What the task requires:
Write out the entries below once more, exactly, with the pictures left out.

■ ■ ■

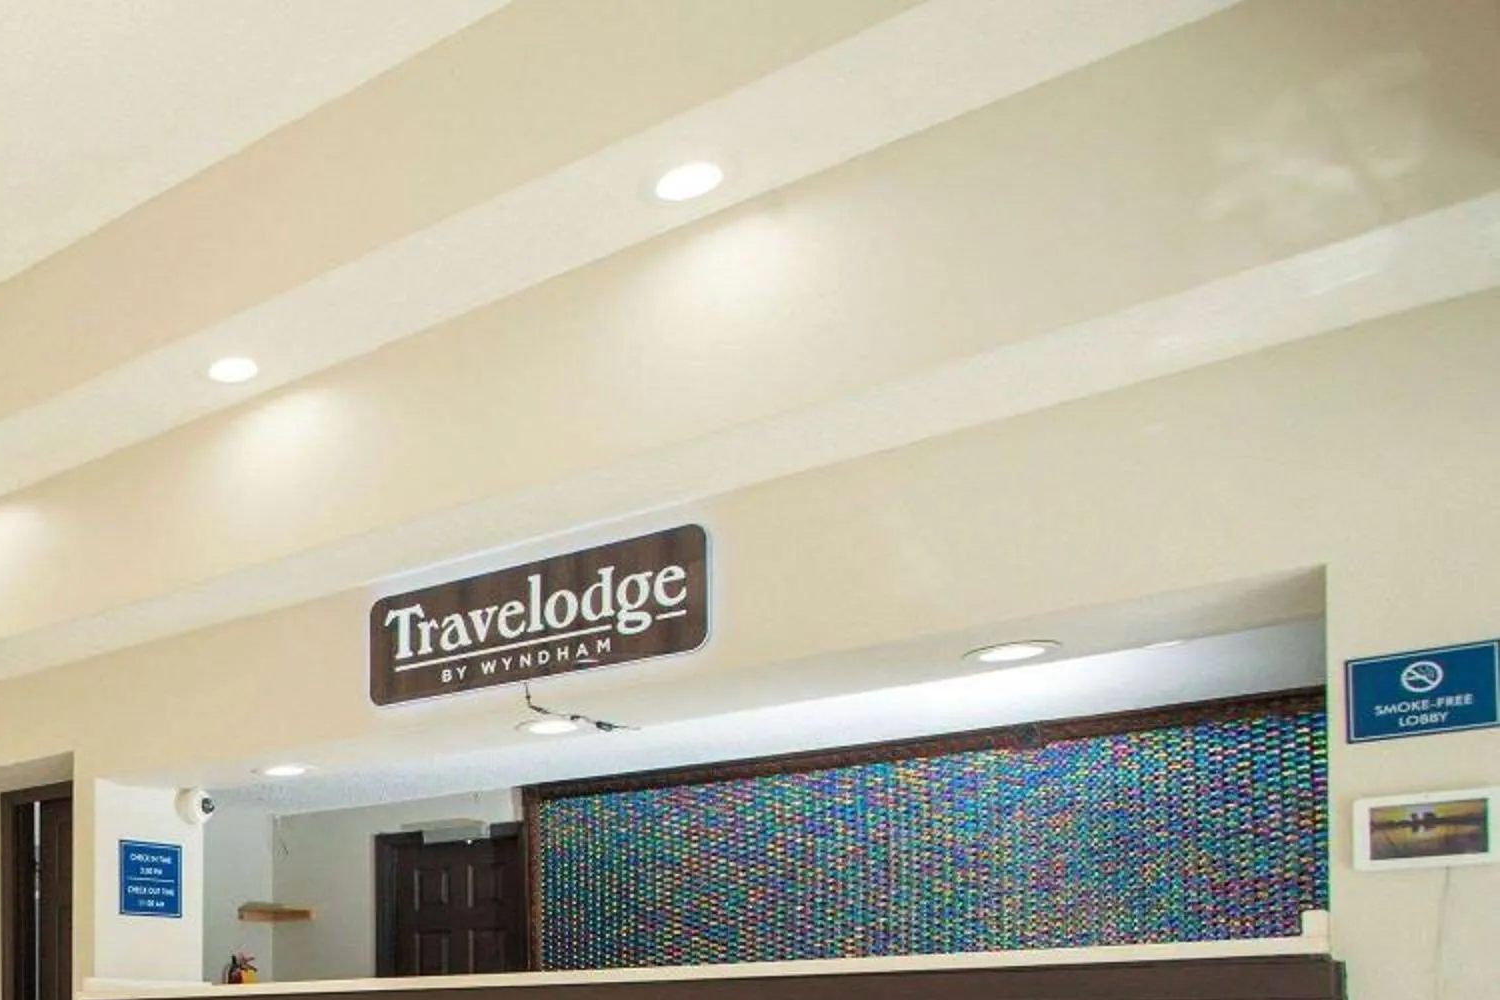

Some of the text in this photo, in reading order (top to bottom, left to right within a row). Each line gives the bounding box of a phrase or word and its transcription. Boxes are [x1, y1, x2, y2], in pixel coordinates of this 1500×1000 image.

[385, 564, 688, 661] Travelodge
[441, 637, 612, 683] BY WYNDHAM
[1374, 693, 1474, 716] SMOKE-FREE
[1398, 711, 1449, 727] LOBBY
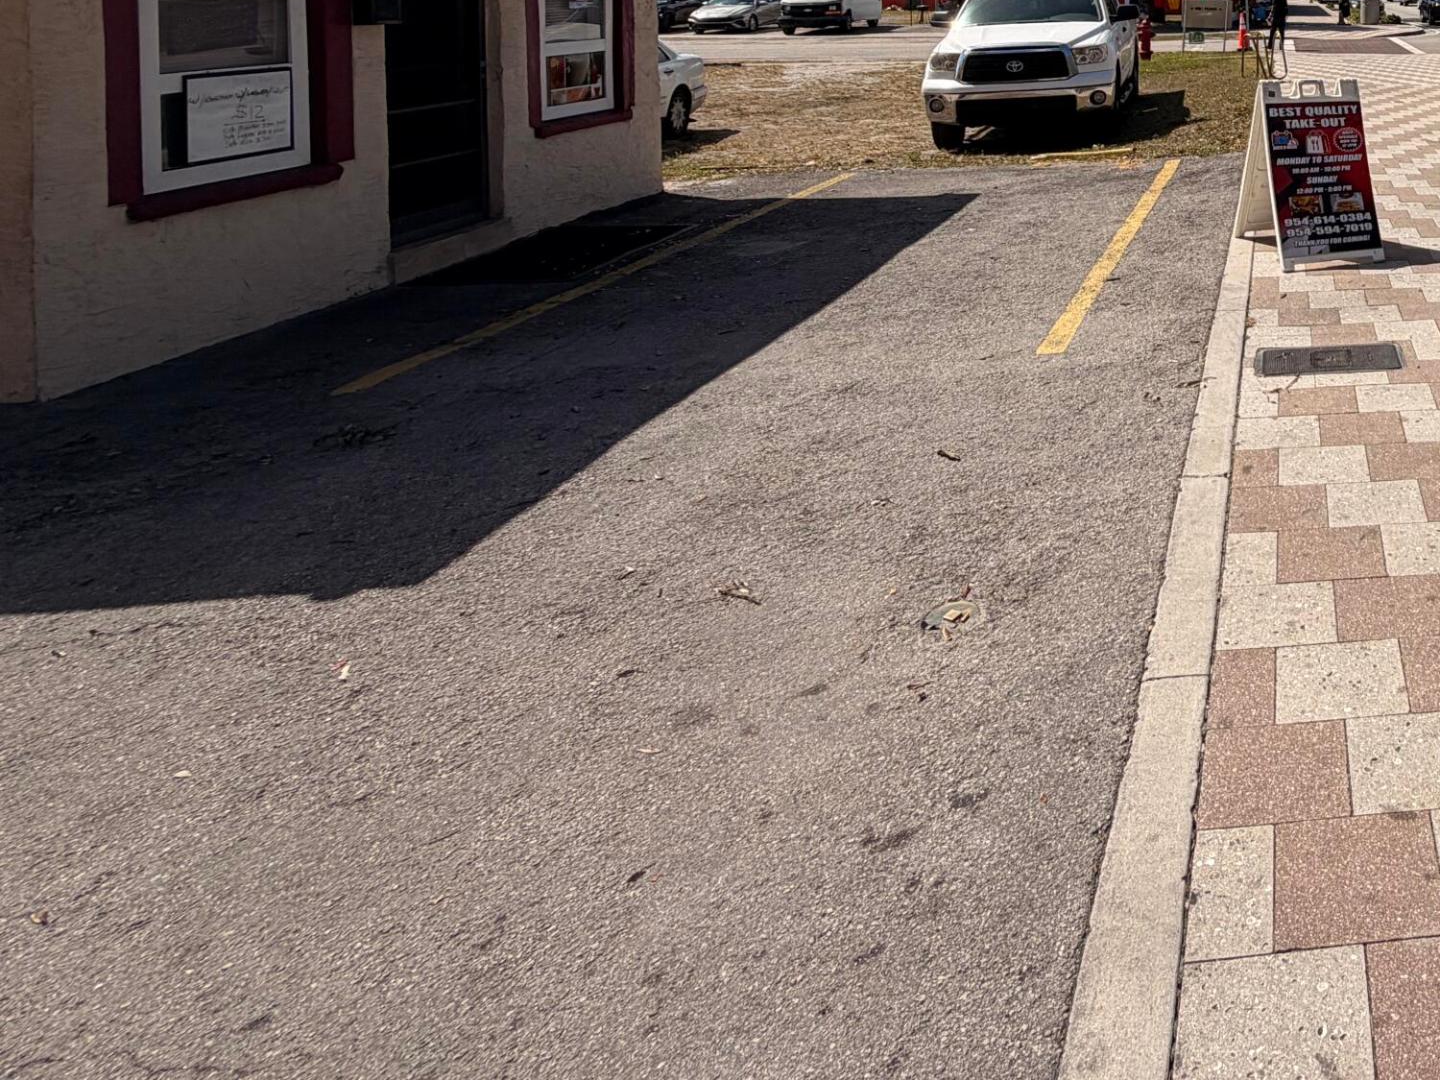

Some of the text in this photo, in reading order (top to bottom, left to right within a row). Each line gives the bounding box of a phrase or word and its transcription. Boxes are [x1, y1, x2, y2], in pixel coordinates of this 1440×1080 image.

[1269, 105, 1358, 118] BEST QUALITY
[1283, 117, 1346, 129] TAKE-OUT
[1276, 154, 1363, 166] MONDAY TO SATURDAY
[1306, 175, 1338, 184] SUNDAY
[1295, 239, 1315, 248] THANK
[1316, 238, 1329, 246] YOU
[1343, 235, 1371, 243] COMING!

■ ■ ■

Answer section:
Some of the text in this photo, in reading order (top to bottom, left to right within a row). Each line gives the bounding box of a phrase or word and its transcription. Boxes are [x1, y1, x2, y2], in pixel coordinates of this 1500×1000 image.

[385, 564, 688, 661] Travelodge
[441, 637, 612, 683] BY WYNDHAM
[1374, 693, 1474, 716] SMOKE-FREE
[1398, 711, 1449, 727] LOBBY

Some of the text in this photo, in reading order (top to bottom, left to right within a row). Each line gives the bounding box of a phrase or word and its transcription. Boxes are [x1, y1, x2, y2], in pixel coordinates of this 1440×1080 image.

[1269, 105, 1358, 118] BEST QUALITY
[1283, 117, 1346, 129] TAKE-OUT
[1276, 154, 1363, 166] MONDAY TO SATURDAY
[1306, 175, 1338, 184] SUNDAY
[1295, 239, 1315, 248] THANK
[1316, 238, 1329, 246] YOU
[1343, 235, 1371, 243] COMING!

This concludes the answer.